There's Nothing 'Limited' About Ryan's Balanced Budget
In a Republican Party that seemingly no longer believes or understands its limited government rhetoric, Rep. Paul Ryan has long been an outlier. Much like his late mentor in Jack Kemp, Ryan has always given the impression that he supports light taxation, limited government and stable money values precisely because they would do the most to lift the economic chances of those least well to do.
That's why Ryan's latest budget proposal is such a disappointment. In proclaiming that his plan will balance revenues and spending by 2023, it's apparent that Ryan's lost the reformist fire that used to set him apart from his fellow Republicans. In promising to balance the federal budget, Ryan has very much made plain that he's given up any pretense of shrinking the burden that is government.
To understand why, it has to be remembered that there's nothing "small government" about balanced budgets. This is particularly true in the United States.
Thinking about the U.S., and Ryan no doubt knows this well, Americans are easily some of the most productive people on earth. Because they are, and because their private output is enormous, the federal government collects gargantuan sums on an annual basis thanks to its power to tax.
Ryan observes that his budget "returns government to its proper limits and focus," but even he must have chuckled when he typed out what is so plainly untrue. When we consider how very limiting is our founding document in the Constitution, it's surely laughable that Ryan's 10-year, $41 trillion dollar budget will return government "to its proper limits and focus." More likely it's the opposite, particularly when we consider that Ryan is in no way talking about reducing annual federal spending. Instead, and this is typical of Washington budgeting, Ryan's merely talking about reductions in planned increases in federal spending. Or, as he puts it, "On the current path, spending will increase by 5% each year. Under our proposal, it will increase by 3.4%."
Taking this further, would readers prefer annual deficits of $500 billion on $1 trillion in spending, or a balanced federal budget of $4.1 trillion in 2023 as Ryan promises? The answer should be obvious, but if it's not, the deficit-infused $1 trillion dollar budget is the one that would make us much better off economically.
Indeed, lost on the deficit worriers is the simple truth that a dollar is a dollar is a dollar. Deficits aren't the problem, but the level of federal spending is. Whether we're financing deficit spending or paying for it all with incoming federal revenues is of no economic consequence; the real burden being the dollars taxed or borrowed to fund that which is unproductive and that exists at the expense and often to the detriment of the profit-disciplined private sector.
Considering the above in light of the Ryan's balanced budget proposal, assuming what's unlikely, that the Ryan plan prevails as written, the economy-smothering burden that is our federal government will continue to grow - substantially.
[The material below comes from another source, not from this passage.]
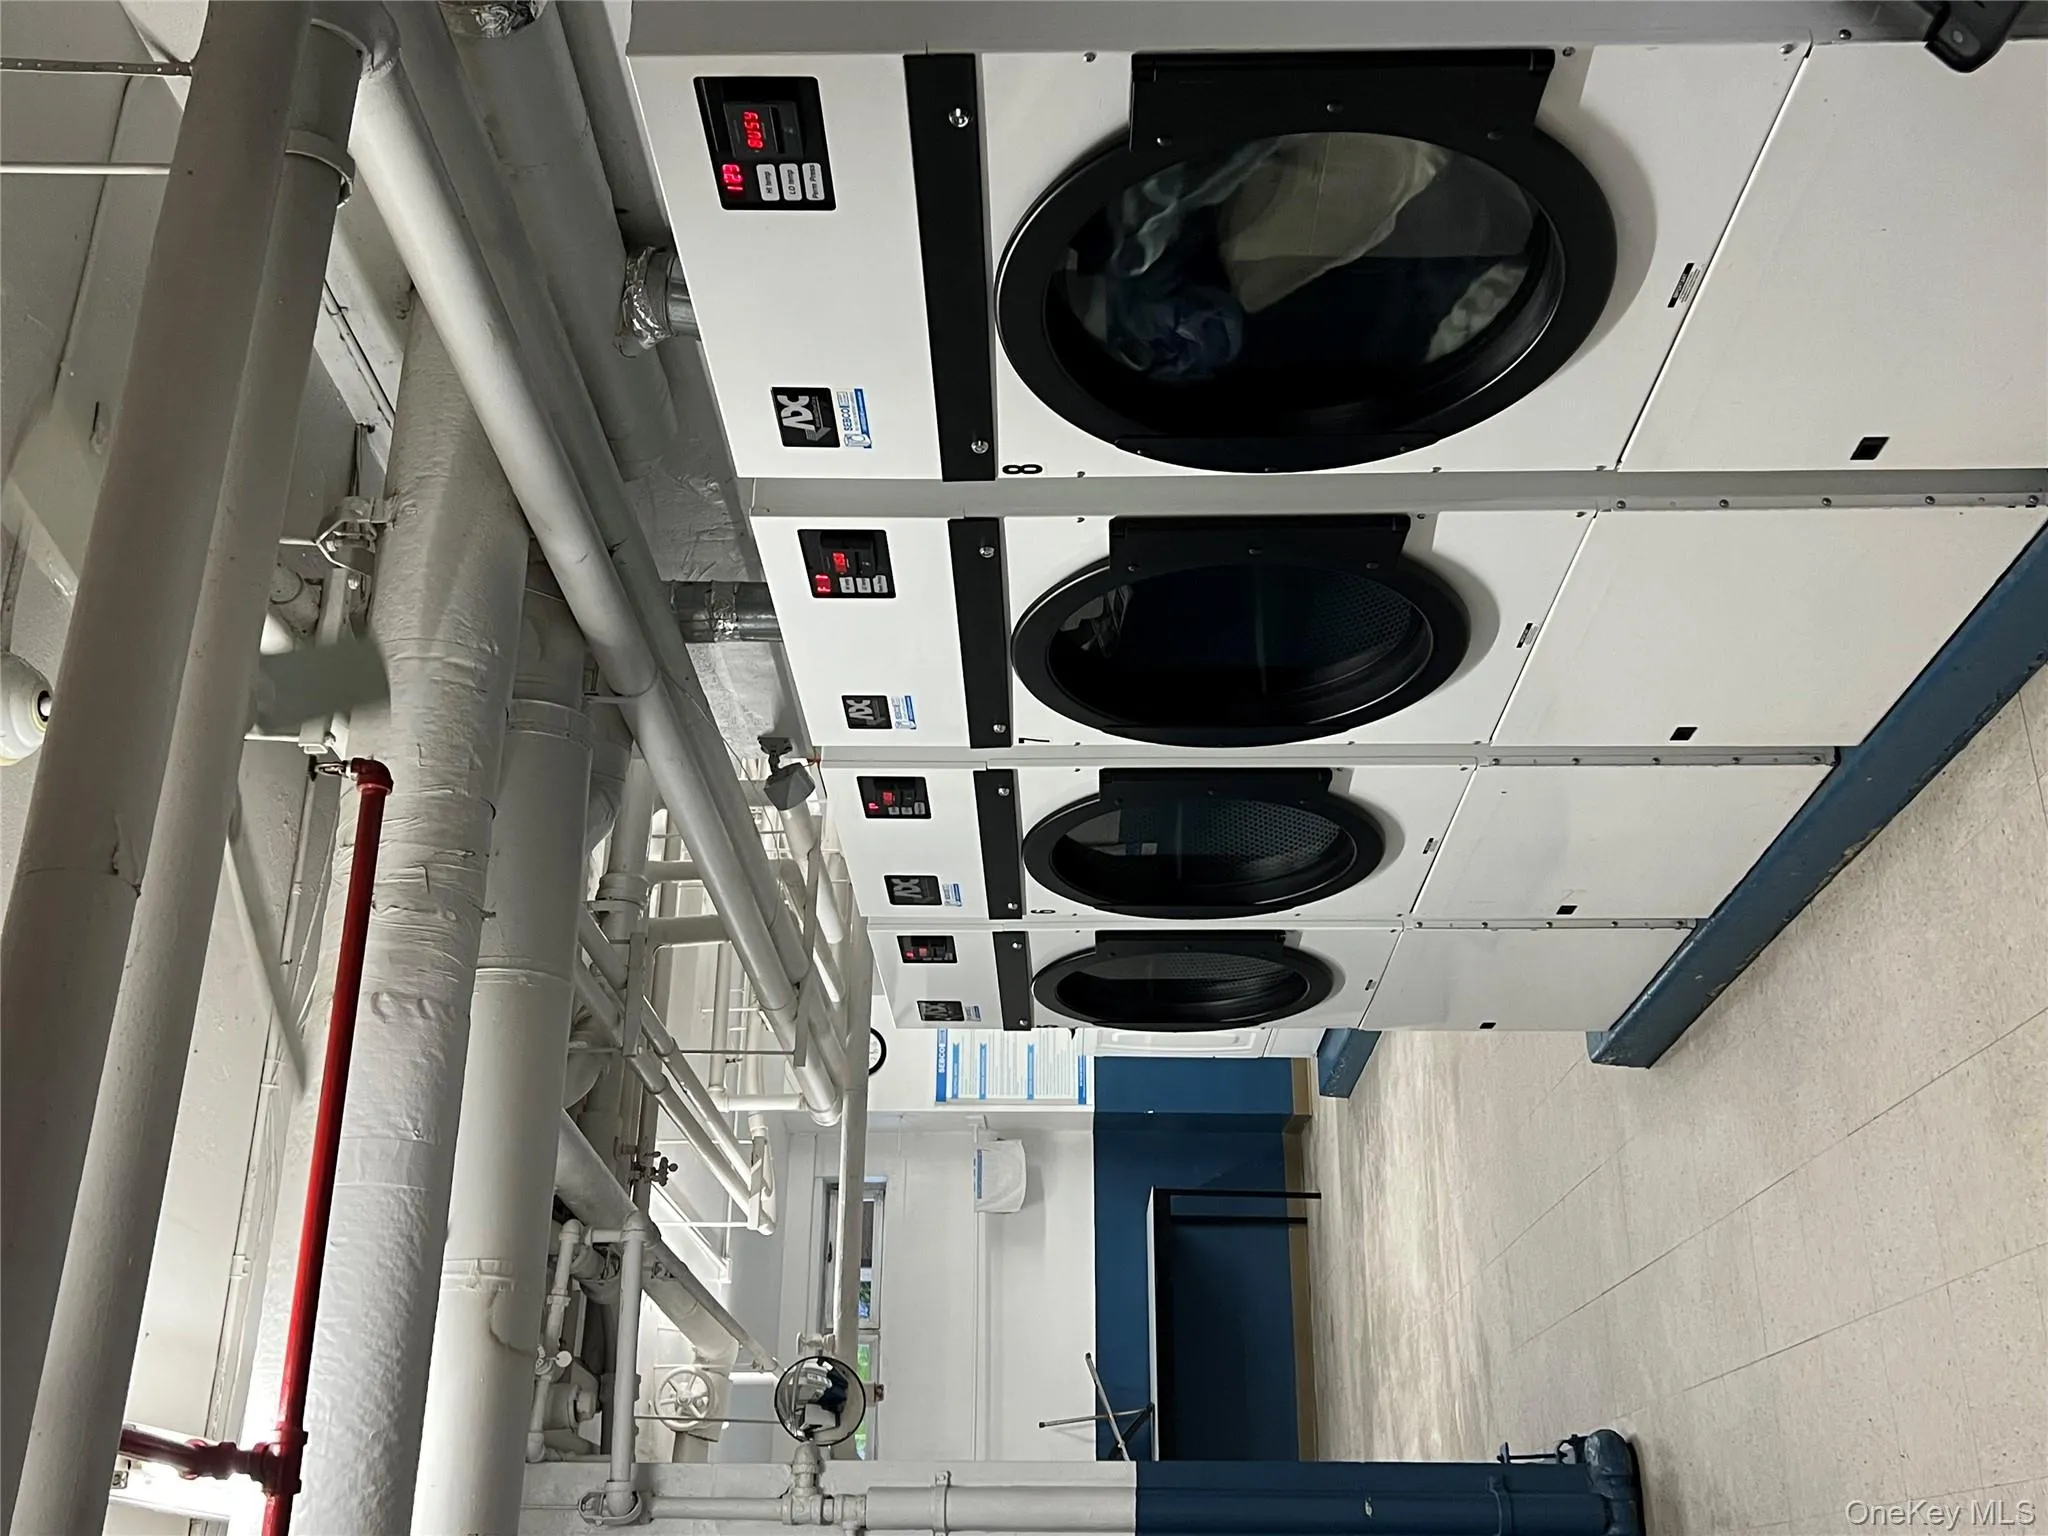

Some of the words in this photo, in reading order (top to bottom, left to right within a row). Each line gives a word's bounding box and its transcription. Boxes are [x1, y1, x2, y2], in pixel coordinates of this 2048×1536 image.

[722, 164, 744, 192] 123
[808, 164, 816, 182] Press
[810, 183, 819, 198] Perm
[1002, 464, 1042, 474] 8
This would be true for any country, but it's particularly true for a country such as ours full of the most economically productive people on earth. Balanced budgets are far from an impressive feat in a country populated by talented people whose economic exploits will generate massive amounts of taxable income and gains. In short, to balance the federal budget in the U.S. is to grow the size and scope of government immensely, and because the latter is true, Ryan shouldn't dilute his small-government brand with a balanced budget plan offered up under the false pretense of parsimony.
The logical answer to the above is that the days of small government are over, and that Ryan's doing the best he can in consideration of a federal government no longer limited by the Constitution. Ryan apologists would add that even under his existing proposal he'll be pilloried by lefty politicians and their media enablers as the ultimate Austerian; stingily taking away Grandma's healthcare. Of course the latter explains why Ryan should have gone for broke, and actually proposed shrinking the size of the federal government.
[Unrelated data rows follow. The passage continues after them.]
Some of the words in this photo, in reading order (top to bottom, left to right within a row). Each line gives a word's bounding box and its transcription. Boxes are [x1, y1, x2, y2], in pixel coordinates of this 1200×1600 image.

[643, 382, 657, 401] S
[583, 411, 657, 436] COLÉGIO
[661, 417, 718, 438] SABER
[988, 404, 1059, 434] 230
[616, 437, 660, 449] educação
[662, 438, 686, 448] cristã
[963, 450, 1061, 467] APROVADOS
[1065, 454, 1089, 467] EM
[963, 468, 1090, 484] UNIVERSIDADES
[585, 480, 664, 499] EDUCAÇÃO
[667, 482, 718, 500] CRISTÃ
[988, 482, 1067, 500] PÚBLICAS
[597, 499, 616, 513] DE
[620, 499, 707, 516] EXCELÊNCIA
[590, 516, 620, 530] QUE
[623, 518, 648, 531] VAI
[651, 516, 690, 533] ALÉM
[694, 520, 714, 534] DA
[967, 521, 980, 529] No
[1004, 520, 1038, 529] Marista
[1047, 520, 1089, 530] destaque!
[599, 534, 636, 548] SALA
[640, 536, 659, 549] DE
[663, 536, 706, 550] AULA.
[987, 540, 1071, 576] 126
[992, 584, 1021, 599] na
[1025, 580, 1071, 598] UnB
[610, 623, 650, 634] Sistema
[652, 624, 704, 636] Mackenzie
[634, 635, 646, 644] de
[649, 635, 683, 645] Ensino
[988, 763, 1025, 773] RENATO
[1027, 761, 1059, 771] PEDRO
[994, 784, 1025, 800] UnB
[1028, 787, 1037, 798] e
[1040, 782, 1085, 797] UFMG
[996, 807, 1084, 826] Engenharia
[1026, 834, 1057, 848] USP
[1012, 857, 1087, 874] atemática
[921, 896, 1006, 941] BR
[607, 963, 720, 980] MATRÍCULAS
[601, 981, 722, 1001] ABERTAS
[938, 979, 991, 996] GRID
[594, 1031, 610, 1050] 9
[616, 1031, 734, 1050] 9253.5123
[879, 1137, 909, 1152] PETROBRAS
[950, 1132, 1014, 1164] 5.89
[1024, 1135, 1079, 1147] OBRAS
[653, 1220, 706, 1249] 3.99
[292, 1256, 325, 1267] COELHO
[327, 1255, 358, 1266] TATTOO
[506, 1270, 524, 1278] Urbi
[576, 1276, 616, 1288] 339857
Indeed, as evidenced by the false adjectives that will be attached to Ryan's budget no matter its size, the traditional media were and are going to attack him. That being the case, Ryan should have proposed something that's actually meaningful when it comes to shrinking our federal burden. The traditional media would have hit him hard, much as they're doing now, but in proposing real cuts he would have ensured a real debate about the proper role of government. Also, it must be remembered that the mainstream or traditional media we've long known is not the powerful force that it once was. Thanks to the internet, Americans are not as a reliant anymore on traditional sources for their news. While the New York Times would and will report negatively on any Paul Ryan budget, Americans are less and less reliant on the Times for analysis of matters political and economic.
After that, Ryan surely knows that it's heavy government spending that represents austerity and slow growth, while lower spending represents a reduction in the certain economic burden that is our federal government. If Republicans, and in particular Paul Ryan, can't make the latter case, then welcome to the minority. Put simply, Republicans will never win the battle over who can best redistribute wealth. On the other hand, they can win the argument if they use history and logic to explain to the voters that the federal government is their burden in terms of lower wages and reduced job opportunities. Paul Ryan surely understands this, and that's why his federal government expanding ‘balanced budget' is such a disappointment.